Set down a faithful copy of every record, and skip the pictures in it.

Free-text object descriptions

##############################

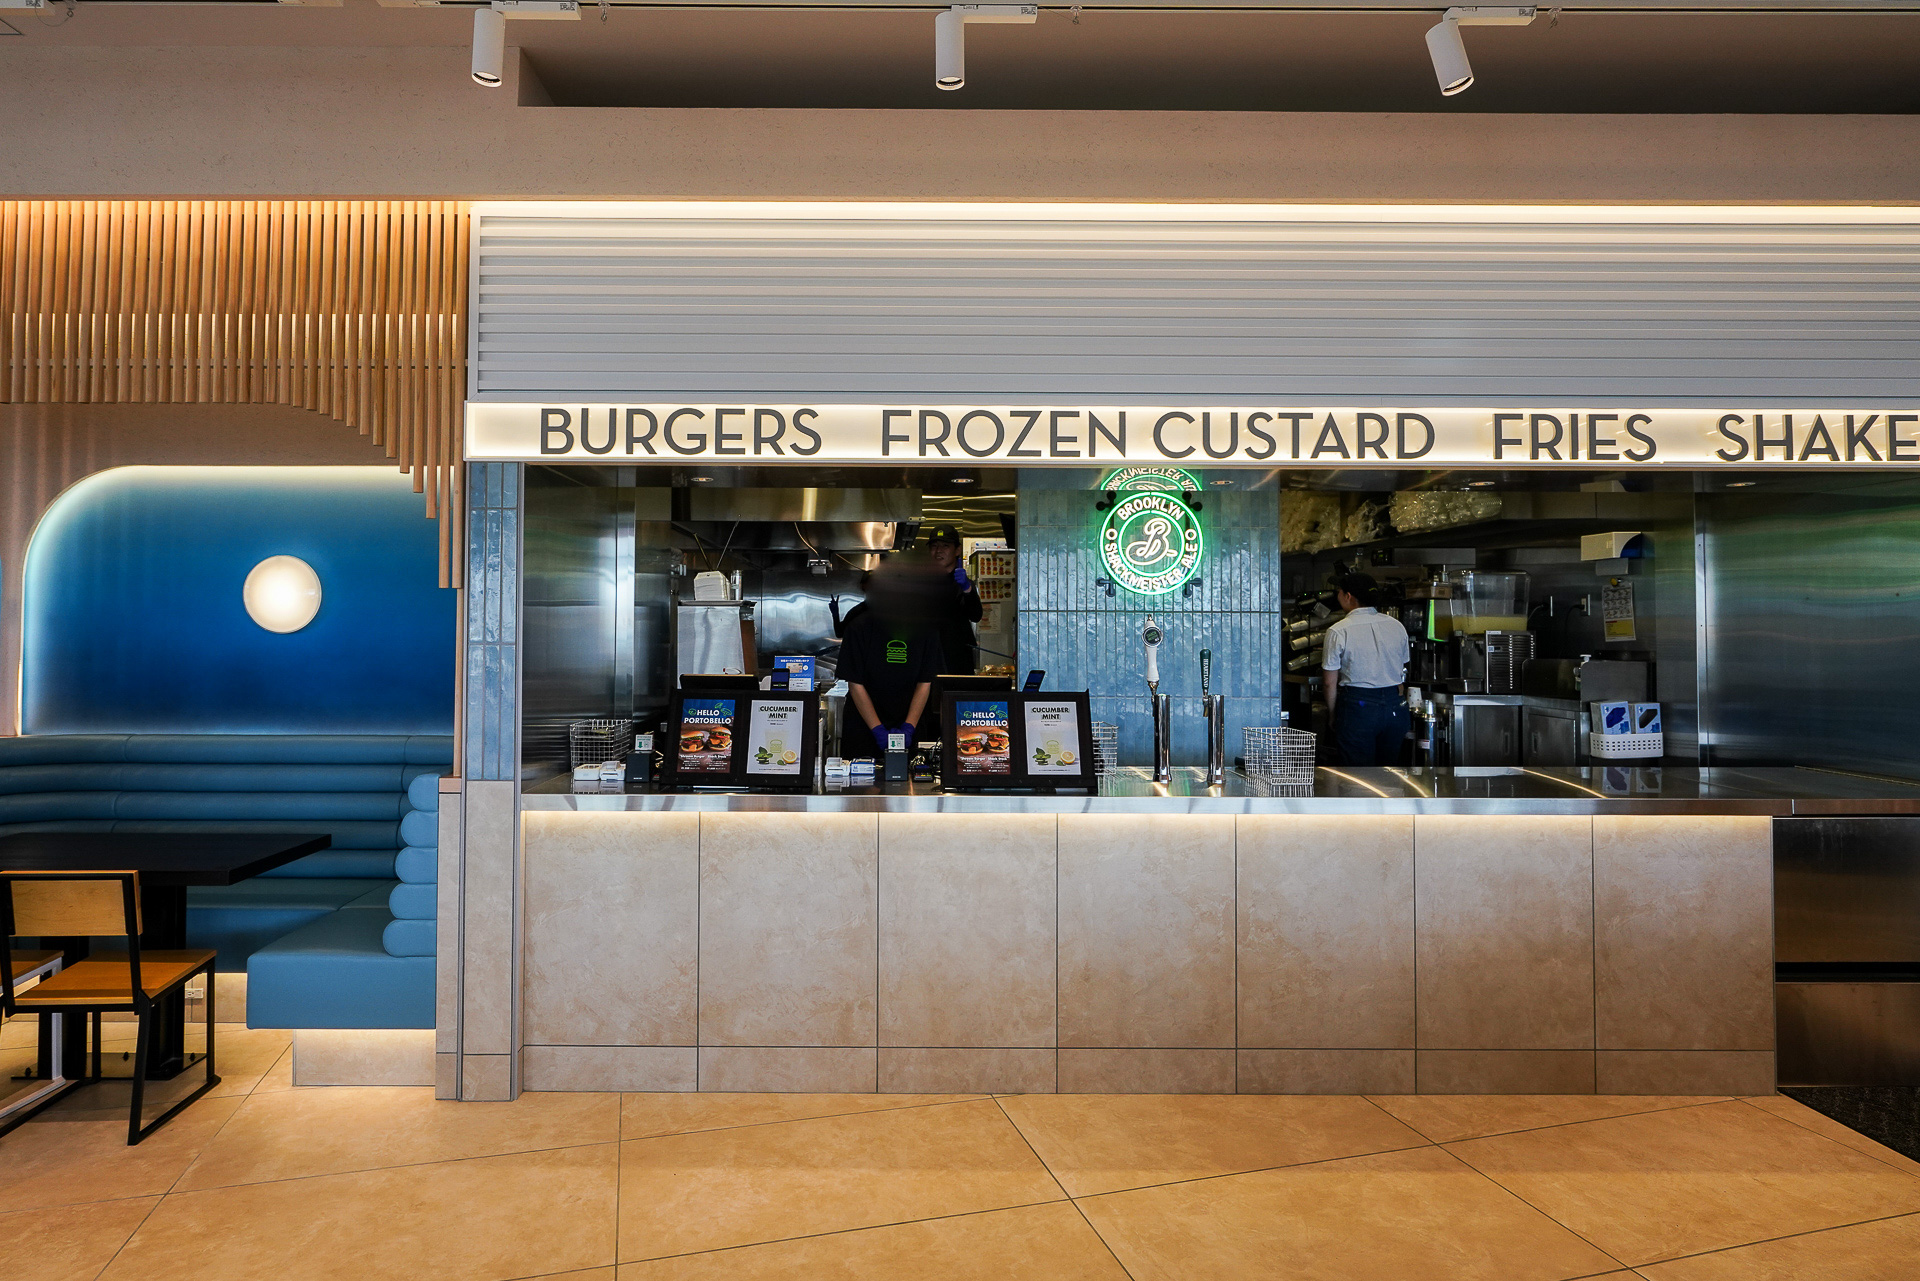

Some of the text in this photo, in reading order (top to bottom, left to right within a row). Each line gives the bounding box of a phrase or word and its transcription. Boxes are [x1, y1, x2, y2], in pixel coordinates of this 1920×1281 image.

[541, 408, 1920, 461] BURGERS FROZEN CUSTARD FRIES SHAKE
[1117, 496, 1185, 520] BROOKLYN
[1105, 542, 1198, 590] SHACKMEISTER ALE
[683, 717, 732, 725] PORTOBELLO
[960, 719, 1008, 727] PORTOBELLO
[972, 711, 996, 719] HELLO

##############################

[RESULT OF THIS TASK]
Some of the text in this photo, in reading order (top to bottom, left to right within a row). Each line gives the bounding box of a phrase or word and its transcription. Boxes are [x1, y1, x2, y2], in pixel coordinates of this 1920×1281 image.

[541, 408, 1920, 461] BURGERS FROZEN CUSTARD FRIES SHAKE
[1117, 496, 1185, 520] BROOKLYN
[1105, 542, 1198, 590] SHACKMEISTER ALE
[683, 717, 732, 725] PORTOBELLO
[960, 719, 1008, 727] PORTOBELLO
[972, 711, 996, 719] HELLO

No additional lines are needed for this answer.